Спохватившись, видимо одёрнув себя, переменился в лице, которое точно застыло, в одну точку перед собой устремились глаза, как будто расхотелось продолжать свою мысль, голос звучал всё напевней, словно молодой человек, сохраняя в то же время достоинство, просил прощенья у почтенного мэтра за дерзость противоречить ему, как перед тем просил прощенья за дерзость почтительно промолчать:

   — Вся история, на мой взгляд, умещается на одном старинном барельефе, который я видел в Италии. Высокая костлявая старуха с железным лицом и неподвижно-тупым взором идёт большими шагами и сухой, как палка, рукой другую женщину толкает перед собой. Эта женщина огромного роста, могучая, дебелая, с мышцами, как у Геракла, с крохотной головкой на бычьей шее и совершенно слепая, в свою очередь, толкает небольшую худенькую девочку. У одной этой девочки зрячие глаза. Девочка упирается, оборачивается назад, поднимает тонкие красивые руки, её оживлённое лицо выражает нетерпение и отвагу. Она не хочет слушаться, она не хочет идти, куда её толкают, но всё-таки должна повиноваться и должна идти.

Перед его мысленным взором так и прошествовала эта жуткая вереница. Он ещё не улавливал её тайного смысла, он ещё слишком туманно угадывал, что именно выведет из этого странного барельефа молодой человек, однако в ту же минуту ему стало не по себе, чем-то неодолимым и роковым оглушило его, и рука, держащая «Арабески», опустилась бессильно, точно иссохла, совсем отнялась, а Тургенев выдержал паузу, как хороший артист, и печально и твёрдо взглянул на него:

   — Этот барельеф давно меня научил, что сила вещей куда как сильнее жиденькой силы наших личных хотений, точно так же, как общее в нас куда как сильнее наших индивидуальных наклонностей. Хочешь не хочешь, а надо идти, куда велит нам идти суровая необходимость истории, естественный порядок вещей, если по-другому сказать.

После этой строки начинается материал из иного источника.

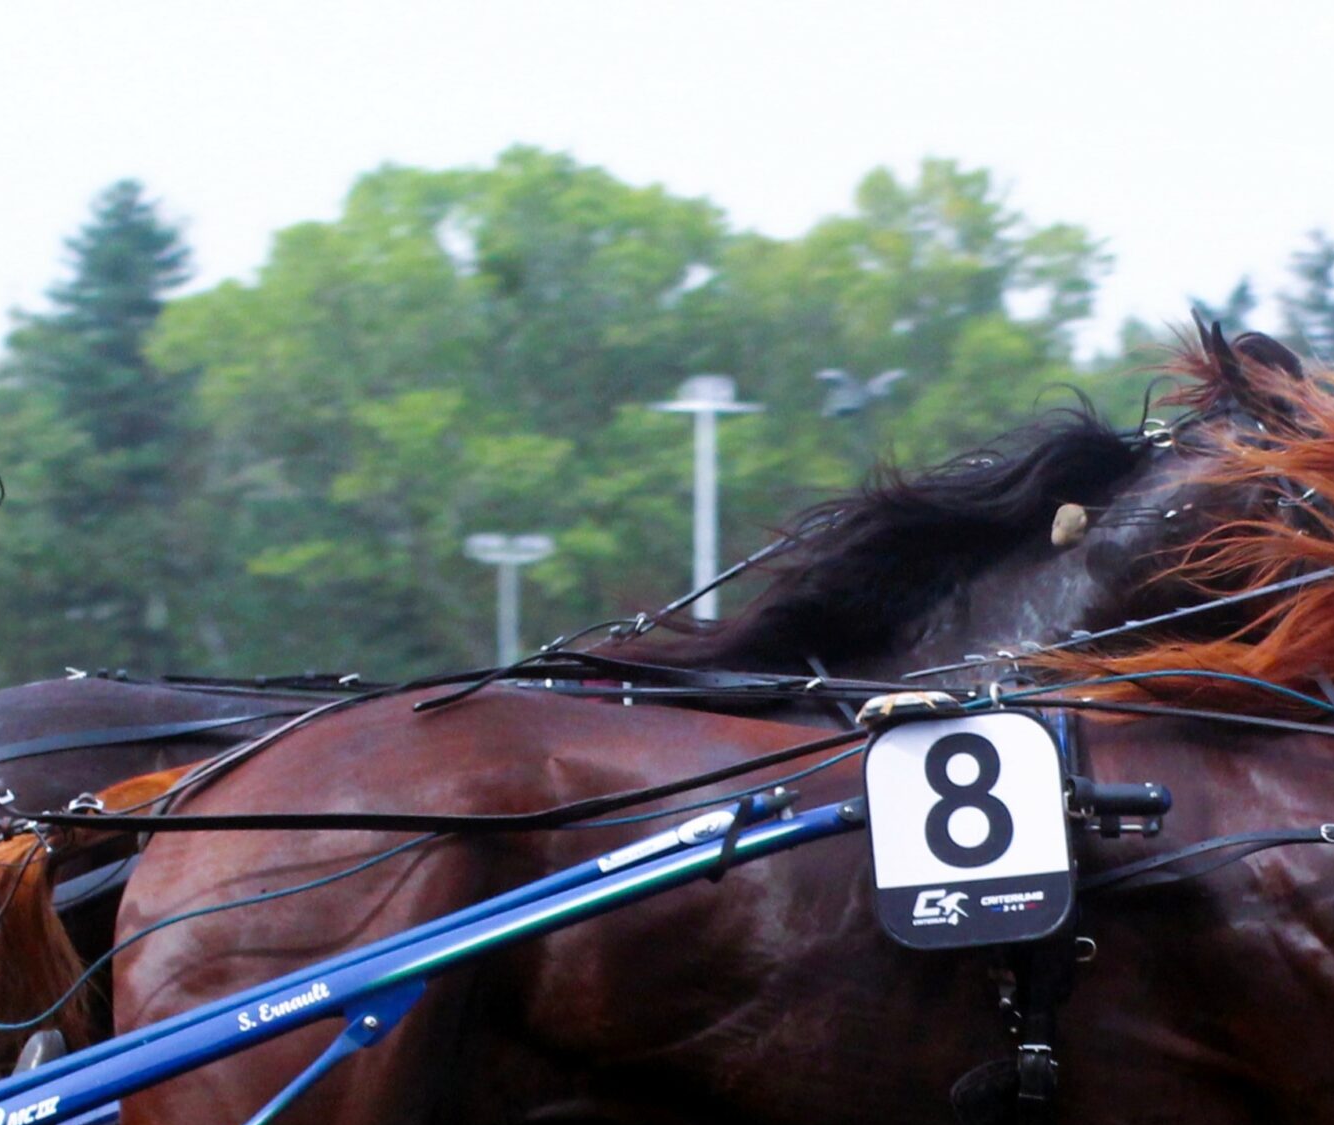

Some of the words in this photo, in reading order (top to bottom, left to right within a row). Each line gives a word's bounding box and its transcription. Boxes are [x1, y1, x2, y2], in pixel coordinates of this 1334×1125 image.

[923, 731, 1015, 870] 8
[238, 1012, 257, 1031] S.
[258, 983, 330, 1022] Ernault
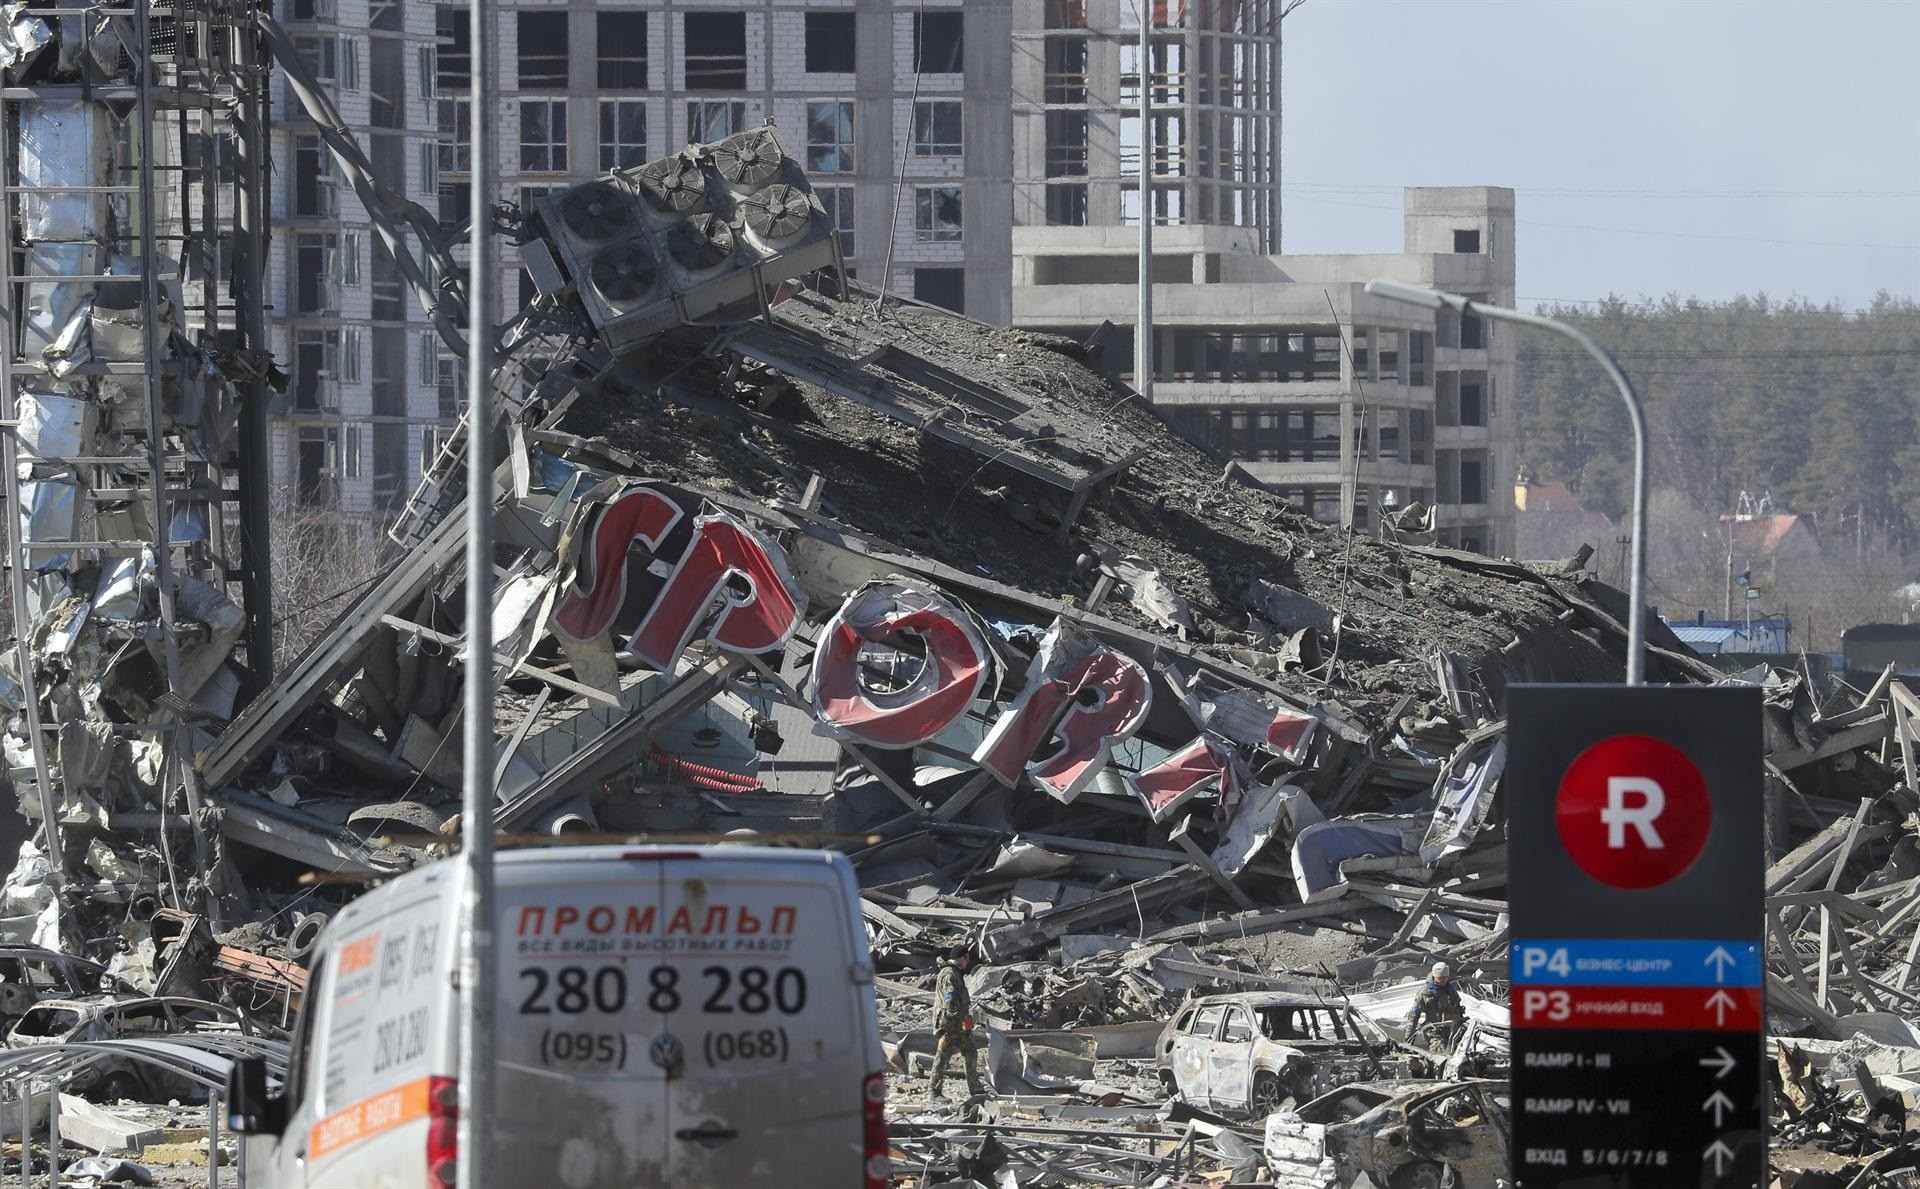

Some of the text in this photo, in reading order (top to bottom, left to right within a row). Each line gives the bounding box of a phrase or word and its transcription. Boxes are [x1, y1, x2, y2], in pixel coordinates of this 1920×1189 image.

[516, 904, 798, 936] ПРОМАЛЬП
[517, 937, 795, 953] ВСЕ ВИДЫ ВЫСОТНЫХ РАБОТ
[1523, 947, 1572, 978] P4
[518, 965, 808, 1016] 280 8 280
[1523, 990, 1572, 1021] P3
[1630, 1001, 1664, 1016] ВХІД
[541, 1026, 789, 1069] (095) (068)
[1524, 1052, 1574, 1067] RAMP
[1524, 1098, 1574, 1113] RAMP
[1525, 1149, 1568, 1165] ВХІД

В крохотную песчинку превращали его эти слова, однако в песчинку не перед величием Бога, перед которым он всегда ощущал себя ещё меньше песчинки, а перед грубой, неодушевлённой материей, перед всем, что непроницаемо и темно. Всё в этом мире вдруг оборачивалось глупой забавой перед той костлявой старухой с железным лицом, которая толкает нас неизвестно куда своей неумолимой, сухой, как палка, рукой, такой же жестокой, должно быть, как палка. К чему суетиться, к чему свершать и творить? Ничего не изменит не только поэма, даже сотня самых прекрасных поэм, но и стальные штыки, когда так станет угодно костлявой старухе, и мёртвые души её грубой волей так и останутся мёртвыми, в согласии с естественным порядком вещей, как ни указывай путь к возрождению, и о самом возрождении этих опустошённых, запущенных душ может мечтать один сумасшедший поэт, не пожелавший повиноваться этой дебелой толстухе с крохотной головой, воспротивившийся вопреки здравому смыслу идти, куда тайные силы с неумолимой властностью толкают его.

Ужасно неловко стало стоять. Том «Арабесок» оттягивал руку, а он не смел шелохнуться, глазом моргнуть. У него едва достало духу спросить:

   — Что же остаётся в таком случае человеку?

Глаза Тургенева заискрились умом, суровая жёсткость ворвалась в напевную речь:

   — Самый дух времени остаётся познать, чтобы честно служить его лучшим стремленьям.

вернуться

56

Ранке Леопольд (1795 — 1886) — немецкий историк консервативного направления, занимался преимущественно политической историей Западной Европы XVI — XVII вв.; «школа Ранке» длительное время пользовалась преобладающим влиянием в германской историографии.